Well, because ugliness is a political project in itself. A destructive project.
And that is why progressivism defends radical nonconformity with human nature..
Because nonconformity leads to self-harm.
And self-mutilation, the destruction of oneself for the benefit of artificial and polarizing identities designed in the catacombs of the State. The primordial broth from which progressivism springs.
First, all of the individual’s ties to the solid are severed. And then he is immersed in a viscous but compact molasses from which he can never escape and which will exhaust him to death.
Let’s understand each other. Putin is not progressive. But as a good former member of the KGB and an expert on the underbelly of real communism, he knows the destructive potential of progressivism.
And that’s why he encourages it (in the West, not in Russia).
Because no society destroys itself faster than the one that destroys itself..
***
Sameera Khan’s tweet reminded me of Instagram face. The aesthetic canon of our time.
THE Instagram face It’s that supposedly perfect face that thousands of women seek through cosmetic surgery: high cheekbones, voluminous lips, feline eyes, small nose and flawless skin.
It’s an aesthetic inspired by Instagram filters and celebrities like Kylie Jenner any Bella Hadid.

Or rather, in the cosmetic surgery operations that Jenner and Hadid had.
In fact, many Instagram filters (and many other similar apps) are named after celebrities that inspire them: Kylie Filter, Bella Filter.
The numbers are impressive. In Spain alone, more than 300,000 cosmetic surgery operations are performed every year. More than 800 daily. Between 30 and 50% more than just five years ago.
85% of customers are women.
30% of customers are under thirty years old.
One in four patients under the age of thirty requests surgery, using an Instagram filter as a model.
Bichectomies (cheek sucking) have increased by 400% in the last five years.
THE fox eye lift (almond-shaped eyes so that they tilt upwards like those of Megan Foxthe registered trademark of Instagram face), 250%.
Russian lips (hyaluronic acid injections that lift and define heart-shaped lips, like those of Irina Shayk), 180%.
The result is visible.
Actresses who, after surgery, look like a totally different person, like Bela Thorne, Amelia Gray Hamlin, Demi Lovato any Erin Moriarty.
Clone celebrities (Kendall Jenner and Emily Ratajkowski, Anya Taylor-Joy and Zoe Kravitz, Margot Robbie and Jaime Pressly).

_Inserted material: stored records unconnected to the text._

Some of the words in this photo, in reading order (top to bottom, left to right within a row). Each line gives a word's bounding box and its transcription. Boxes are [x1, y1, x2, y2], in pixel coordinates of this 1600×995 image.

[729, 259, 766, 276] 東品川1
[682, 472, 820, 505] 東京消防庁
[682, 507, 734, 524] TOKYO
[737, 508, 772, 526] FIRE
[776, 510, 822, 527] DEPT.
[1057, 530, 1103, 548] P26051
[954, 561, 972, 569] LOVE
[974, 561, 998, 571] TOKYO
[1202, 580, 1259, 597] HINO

Middle-aged women with faces in which any distinguishing features have been erased (Madonna It’s the archetype, but Meg Ryan, Uma Thurman any Nicole Kidman fit the mold).

‘Body Positive’ cover of Cosmopolitan magazine.

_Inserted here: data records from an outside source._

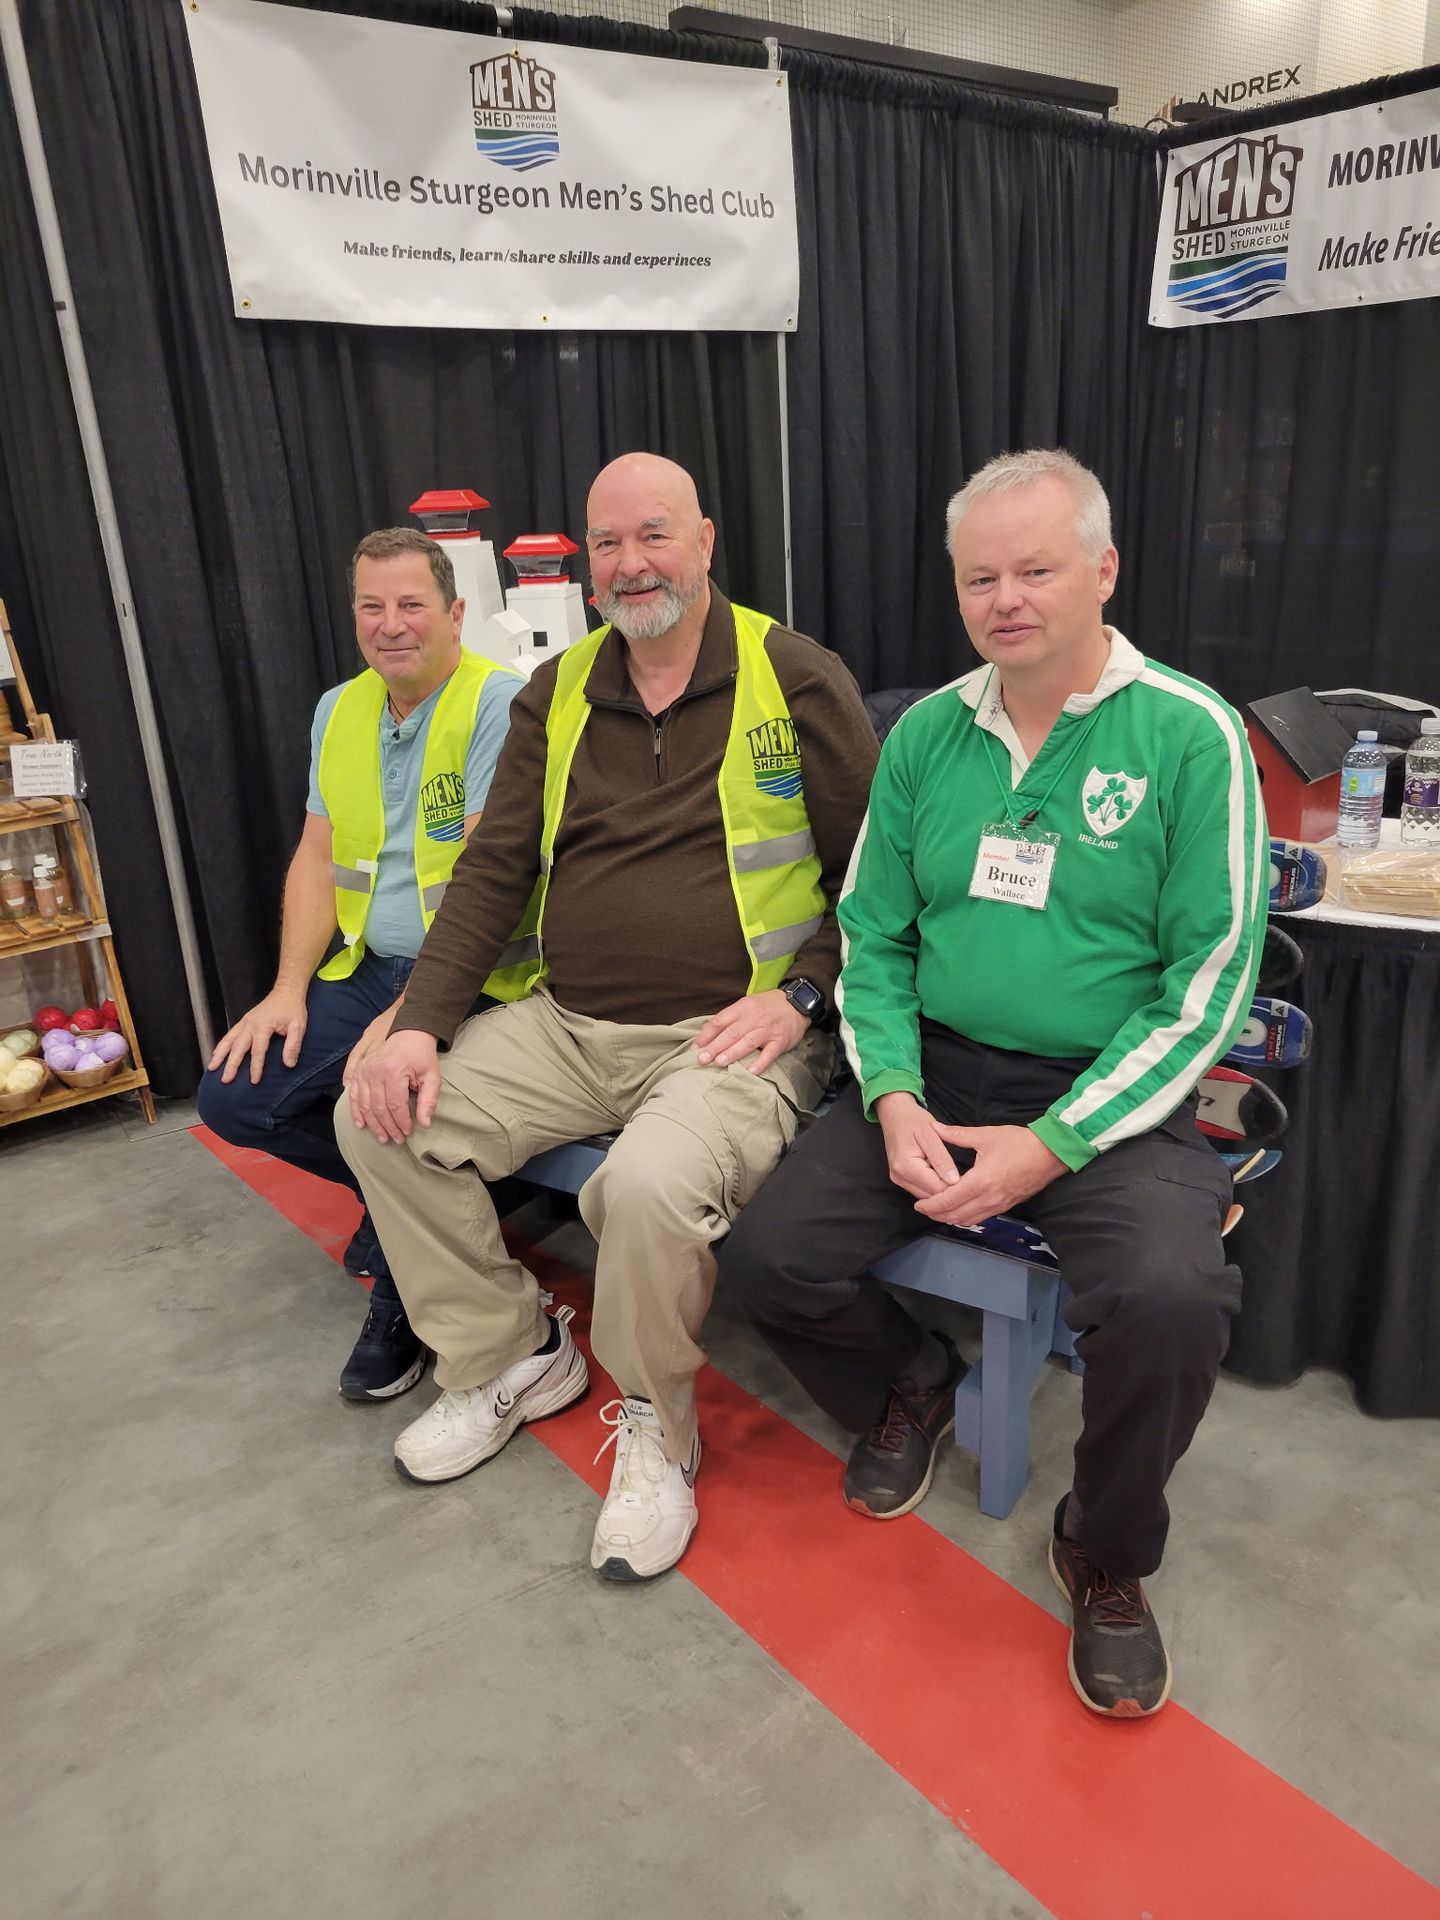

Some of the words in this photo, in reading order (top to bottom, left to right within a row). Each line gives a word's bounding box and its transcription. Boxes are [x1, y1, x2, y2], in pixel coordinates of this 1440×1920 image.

[473, 55, 554, 111] MEN'S
[473, 110, 513, 128] SHED
[515, 113, 557, 122] MORINVILLE
[516, 121, 558, 129] STURGEON
[238, 152, 401, 202] Morinville
[409, 175, 550, 215] Sturgeon
[559, 181, 643, 212] Men's
[650, 185, 715, 215] Shed
[721, 190, 775, 219] Club
[1178, 139, 1295, 231] MEN'S
[1230, 220, 1291, 239] MORINVILLE
[1172, 231, 1226, 261] SHED
[1230, 232, 1289, 251] STURGEON
[1318, 231, 1389, 272] Make
[1393, 221, 1440, 261] Frie
[343, 240, 389, 257] Make
[392, 244, 456, 264] friends,
[459, 248, 556, 264] learn/share
[558, 249, 600, 265] skills
[603, 252, 632, 266] and
[634, 253, 712, 269] experinces
[750, 718, 800, 758] MEN
[754, 757, 783, 771] SHED
[422, 773, 465, 811] MEN'S
[424, 808, 448, 823] SHED
[1078, 833, 1119, 850] IRELAND
[982, 851, 1010, 863] Member
[987, 866, 1037, 888] Bruce
[992, 887, 1026, 901] Wallace
[628, 1408, 654, 1417] ONARCH
[630, 1403, 643, 1411] AIR

All of this is promoted by means that oscillate between the veneration of lifestyles that are clearly toxic to health (such as body positive) and the idealization of an aesthetic that aims to sublimate natural feminine beauty, when in fact she exalts her surgical modification, turning her into an ugly caricature of herself.
Something much appreciated, in fact, by a trans movement that finds it much easier to replicate Victoria Kjær Theilvig’s beauty precisely because it is artificial. that Sydney Sweeney’s natural beauty, impossible to imitate even by the best surgeon on the planet.
In reality, in the field of aesthetic surgery, a phenomenon that we experience today in many other fields is only repeated: that of aesthetic homogenization. Which is an ideological project in itself.
The deeper we delve into globalization, which in theory would place within our reach a practically infinite supply of cultural and intellectual products, the more reality has become uniform. Have you ever had the feeling, when walking through the center of a European city, that you could be in any other identical city in any other European country?
This is aesthetic homogenization.
Multiculturalism, globalization and technology have led us to a smaller, uglier and more impersonal world, where it is increasingly difficult to find something (a face, a song, a book, an idea). that escapes the mold of that lowest common denominator that is ugliness.
And this common minimum is ideological, yes. But above all aesthetic. Because aesthetics is ideology. And ugliness and poverty are two sides of the same globalist coin.
Elections are not won at the polls. They are achieved by annihilating the souls of those who vote.